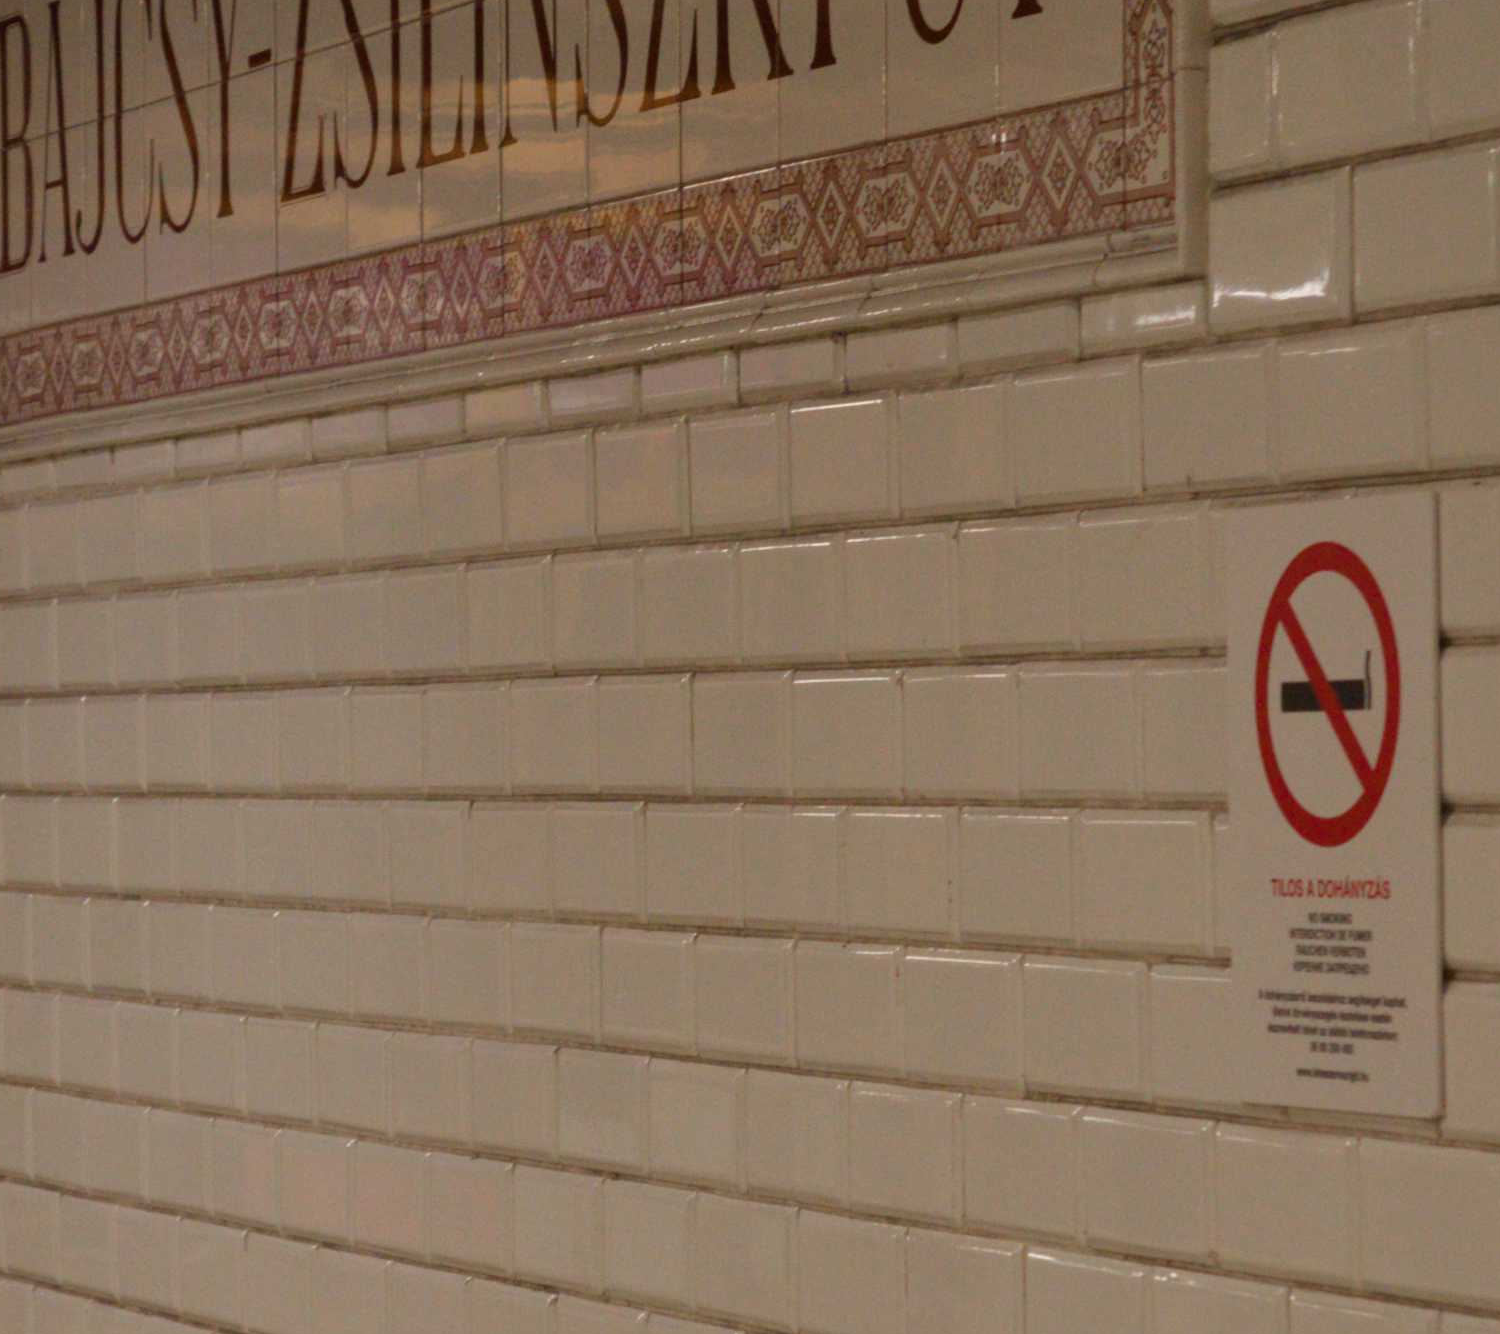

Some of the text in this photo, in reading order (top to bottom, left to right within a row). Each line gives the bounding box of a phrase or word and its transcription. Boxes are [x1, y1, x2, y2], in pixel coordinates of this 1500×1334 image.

[1271, 874, 1392, 900] TILOS A DOHÁNYZÁS
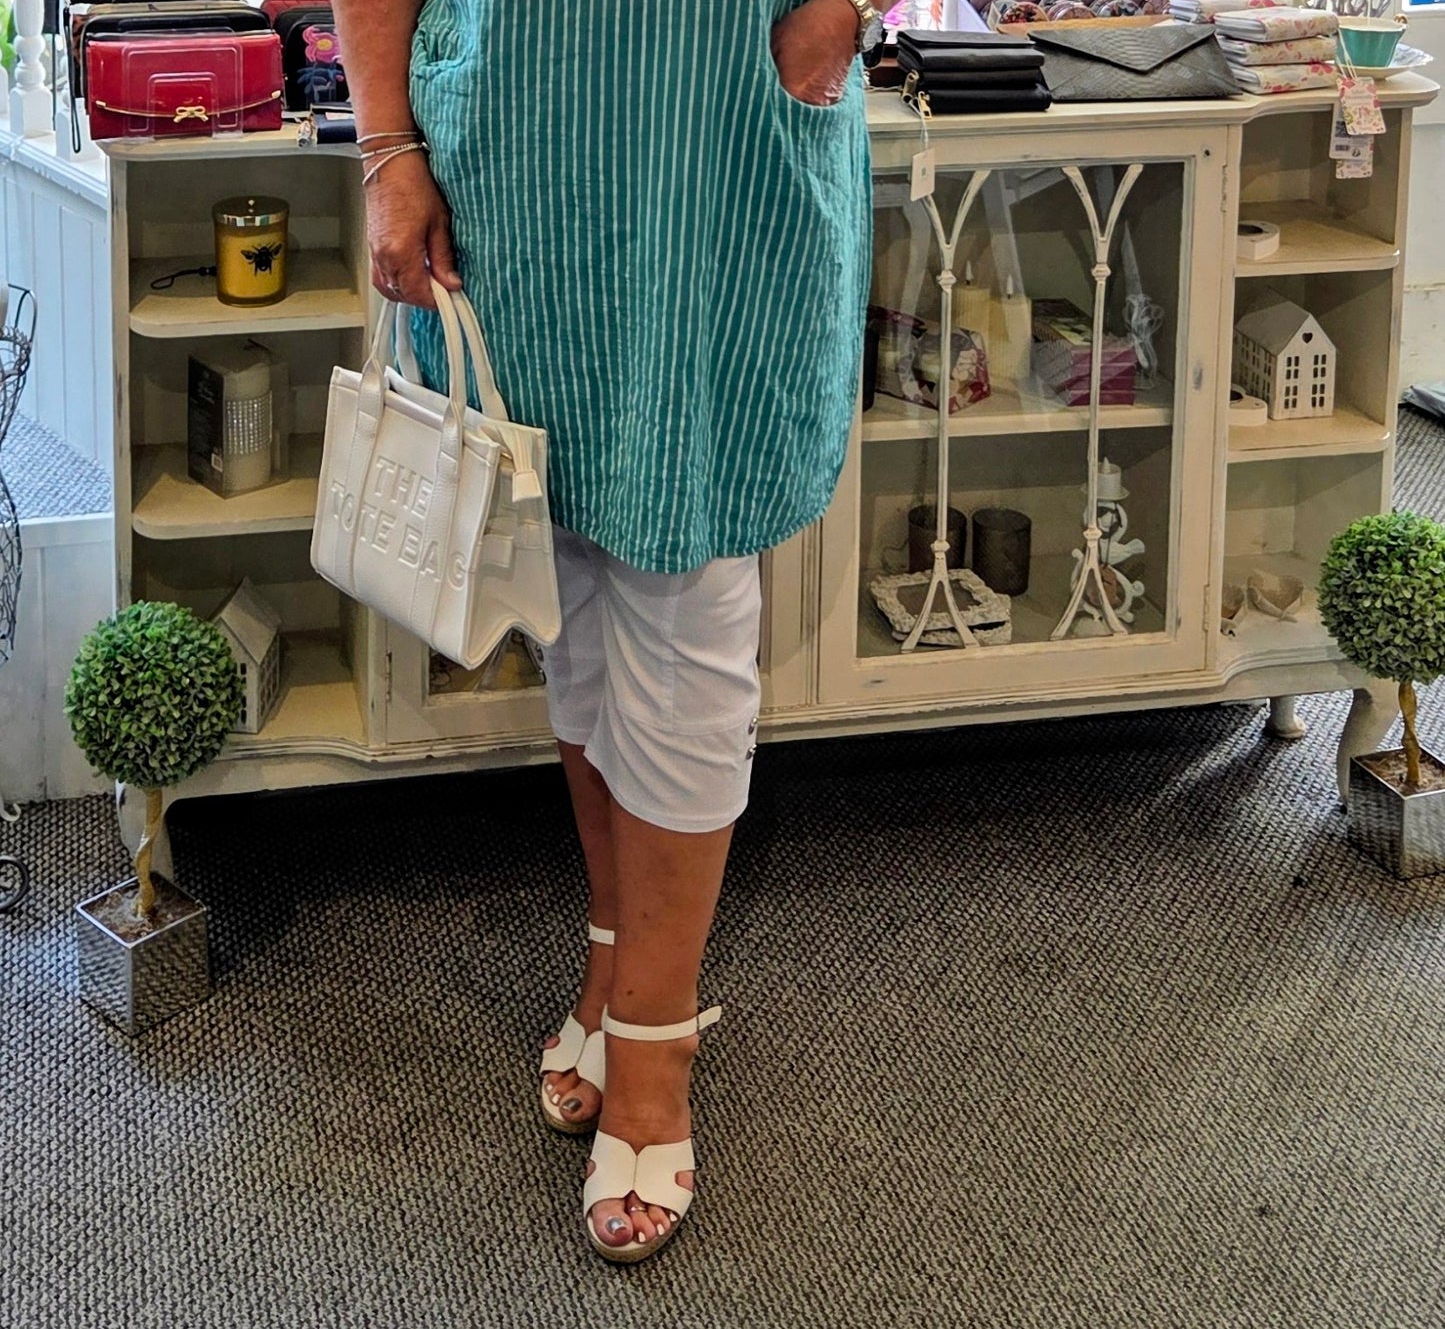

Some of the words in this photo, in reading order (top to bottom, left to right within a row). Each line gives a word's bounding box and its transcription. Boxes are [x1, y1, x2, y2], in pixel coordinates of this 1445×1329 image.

[374, 454, 435, 520] THE
[330, 479, 398, 554] TOTE
[397, 523, 467, 591] BAG

----------

Action item = Would you set down each line of the listing above exactly, apart from the pictures?

Written response =
Some of the text in this photo, in reading order (top to bottom, left to right within a row). Each line gives the bounding box of a phrase or word and its transcription. Boxes are [x1, y1, x2, y2], in pixel coordinates of this 1500×1334 image.

[1271, 874, 1392, 900] TILOS A DOHÁNYZÁS

Some of the words in this photo, in reading order (top to bottom, left to right within a row). Each line gives a word's bounding box and its transcription. Boxes are [x1, y1, x2, y2], in pixel coordinates of this 1445×1329 image.

[374, 454, 435, 520] THE
[330, 479, 398, 554] TOTE
[397, 523, 467, 591] BAG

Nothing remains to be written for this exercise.